Hopper took the stairs and Seth followed.
He stopped at a locker with a heavy combination lock.
“Here,” said Hopper. He did what his Silent Voice told him. “Right four times to 36, left three times to 51, right two times to 7, left to 44.”
Inside the locker there were three bicycles, three cases of Fiji Water, a stack of boxes with bulk containers of freeze-dried food, changes of clothing in three sizes, knives, rope, power bars. The bicycles matched the bike the Teacher had given Hopper in Palm Springs
.
There was a leather briefcase, locked, for which there were no keys. Seth, the surgeon, snapped it with the screwdriver blade from a bicycle’s tool kit.
Inside the case was a photograph, the other half of the photograph Hopper found in the burning house. It was cut to leave off Hopper but here she was, her arm extending out of frame, the child half in her arms and half out of the picture.
Hopper took the charred picture out of his pack. The edges matched.
“I saw her,” said Seth. “She was inside the Fence. Her hair is different but I remember the face.”
“How is it different?” asked Hopper.
“It’s light brown in the picture but that was then and now it’s red and sticks out to the side.”
There was another photograph in the box, of two cargo containers on a train. Another train was visible in the space between the two cars. One of the cars had a number and symbol that matched the other number that until now had not yielded any clues.

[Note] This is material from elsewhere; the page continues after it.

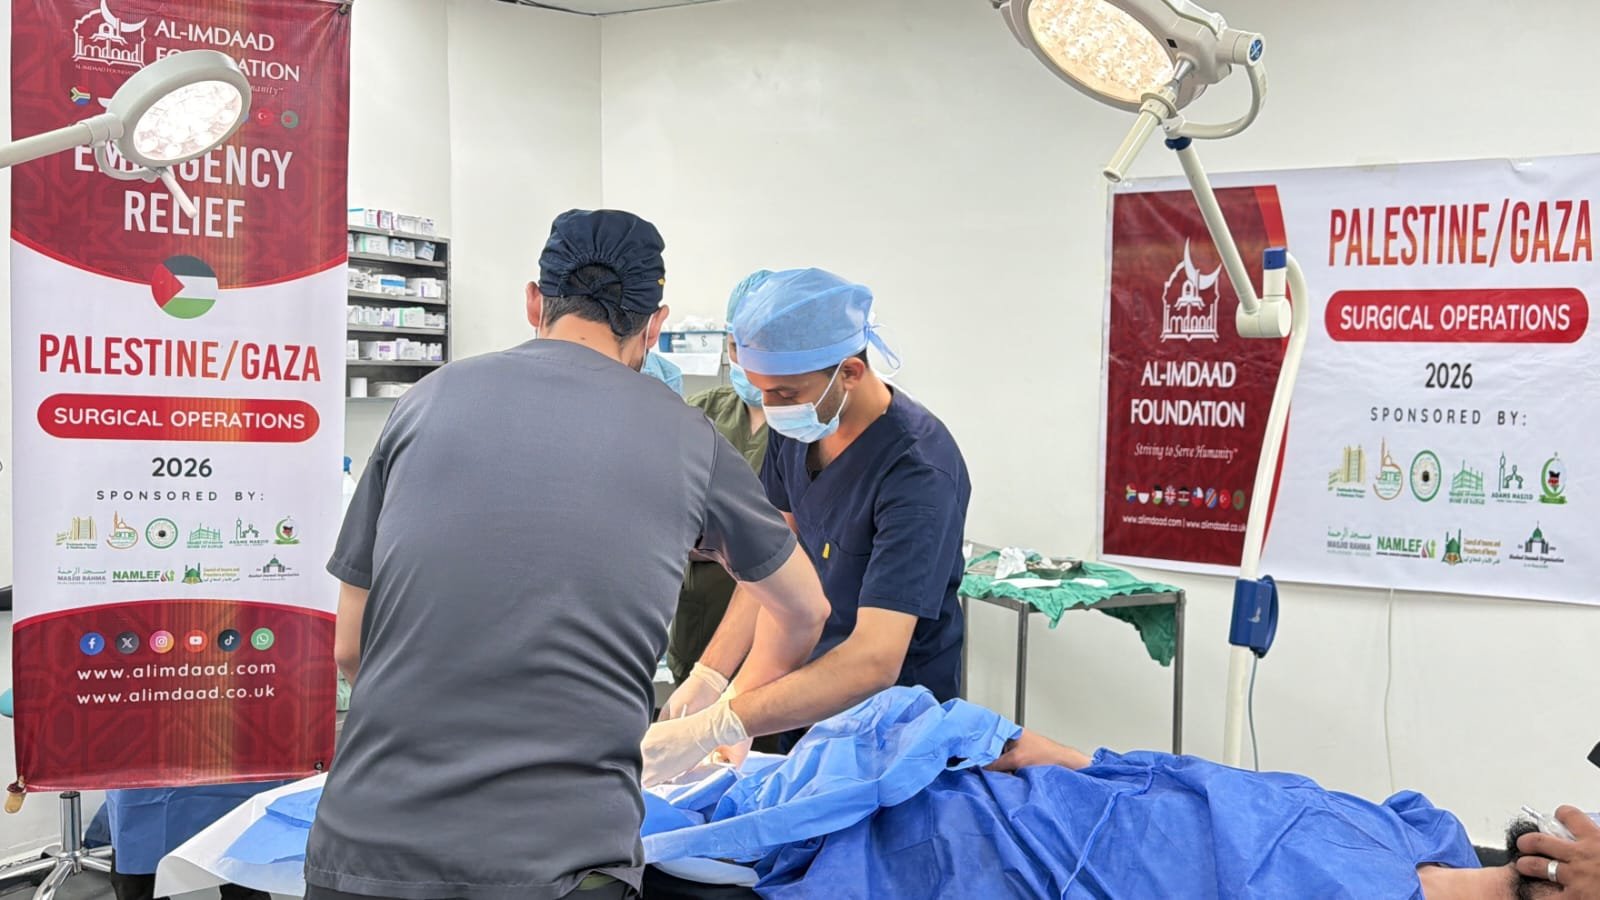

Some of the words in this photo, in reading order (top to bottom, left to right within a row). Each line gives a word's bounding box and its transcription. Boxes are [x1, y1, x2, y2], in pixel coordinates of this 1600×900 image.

“Why three bikes and three boxes with changes of clothing in different sizes?” asked Seth. “One photograph, three bikes, three different sets of clothing. This isn’t a good sign.”
“There hasn’t been a good sign in four years,” said Hopper’s Silent Voice. Hopper kept that to himself.
“You just heard something, didn’t you?” asked Seth. “What did your Voice tell you?”
“Nothing useful, but I don’t think I’m the only one looking for my wife.”
“Who set up this locker?”
“I think I set up this locker.”
“You think?”
“Yes. Before I lost my memory. I set this up so I would have supplies for the people who are going to help me.”
“Well, I’m helping you.”
“No,” said Hopper. “I wasn’t looking for you.”
Seth didn’t like the way he felt after Hopper said this. “What I mean is that you needed someone to help you on your search, and here I am.”